Let me start with I'm officially a student again! I'm excited and nervous all at the same time. I'm ready to be done with it. I've been ready to be done with it. I'm excited because I will be getting out of the house and possibly making new friends. It seems I've lost a lot of my other friends. Which I'll get to later. I'm nervous because of the obvious reasons. I don't want people to look at me like a freak. I've gotten where i'm comfortable with it. I can tell people about it, talk about, and joke about it (even if some people can take it a little TOO far). But anyways I am excited because when I get to "student teach" I can pick which school I want to go to, I can even pick the SC school for the deaf and blind, which is awesome! Well I think anyways :)
I am teaching/helping in Sunday school now. I help with the 4/5 yr olds. Those kids are so awesome. Of course the boys can be a little rowdy but they are sweet. The girls are just too sweet. There is Laurie Grace who loves looking in my locket and telling people who is in there. She loves to bring stuff animals to the class and her favorite color is pink. Maura, who has a very unique name. When I first saw it. My first thought was Laura. Lol. Then there is our little energizer bunny, Grace.

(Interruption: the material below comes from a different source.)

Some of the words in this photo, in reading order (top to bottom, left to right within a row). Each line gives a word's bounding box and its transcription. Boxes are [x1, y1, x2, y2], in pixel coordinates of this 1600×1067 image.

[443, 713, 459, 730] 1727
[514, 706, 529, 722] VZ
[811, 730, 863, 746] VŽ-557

That child if you are in a bad mood and can't smile when you are when you are around her, then something is majorly wrong with you. She is so happy and hyper. I love it there.

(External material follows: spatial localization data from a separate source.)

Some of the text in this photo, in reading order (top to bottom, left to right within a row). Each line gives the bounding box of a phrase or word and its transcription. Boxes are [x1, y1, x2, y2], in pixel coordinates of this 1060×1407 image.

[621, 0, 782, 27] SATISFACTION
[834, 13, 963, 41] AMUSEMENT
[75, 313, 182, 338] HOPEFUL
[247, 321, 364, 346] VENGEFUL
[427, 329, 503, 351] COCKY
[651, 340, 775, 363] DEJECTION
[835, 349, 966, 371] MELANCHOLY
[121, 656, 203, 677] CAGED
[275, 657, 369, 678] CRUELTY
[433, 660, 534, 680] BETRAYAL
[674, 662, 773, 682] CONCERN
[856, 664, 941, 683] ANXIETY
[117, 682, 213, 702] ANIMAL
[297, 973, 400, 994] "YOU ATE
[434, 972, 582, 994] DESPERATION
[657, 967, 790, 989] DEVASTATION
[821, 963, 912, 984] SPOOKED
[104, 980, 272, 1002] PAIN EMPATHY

For the most part I believe I am happy. I have my days don't get me wrong. For the first time I feel like my life is on the right track. I hate the way it has gone. I miss Charlie everyday. I know he is watching over me everyday. I will always love him. He will always hold a special place in my heart as you all know, as will his family, who I love dearly and feel like they are my own. I miss my uncle dearly. I wish he was here at family functions laughing and joking with us. Also to see his daughter graduate college. He would/is so proud of her. As we all are. I miss my friends. I've had so many things happen thats in your face be thankful for who you have in your life. About 3 weeks ago i believe I had to say goodbye to another friend. Her and her fiance were killed in a motorcycle wreck. And I even knew who her fiance was. She was my first friend at Applebee's when I moved from the beach. As I was standing there watching the dvd I couldn't help but overhear a coversation someone was having about them two.. It made me realize that I miss that feeling. I remember clearly what it feels like. But I miss the butterflies in the stomach, the feeling like a teenager just because they held your hand. That's when I realized I was ready to move on. Not saying I wasn't before but I was kind of skeptical but I know I am now. I guess I just have to wait.
Anyways maybe I didn't have a lot to say. But that is what's been on my mind lately. Love you all! :)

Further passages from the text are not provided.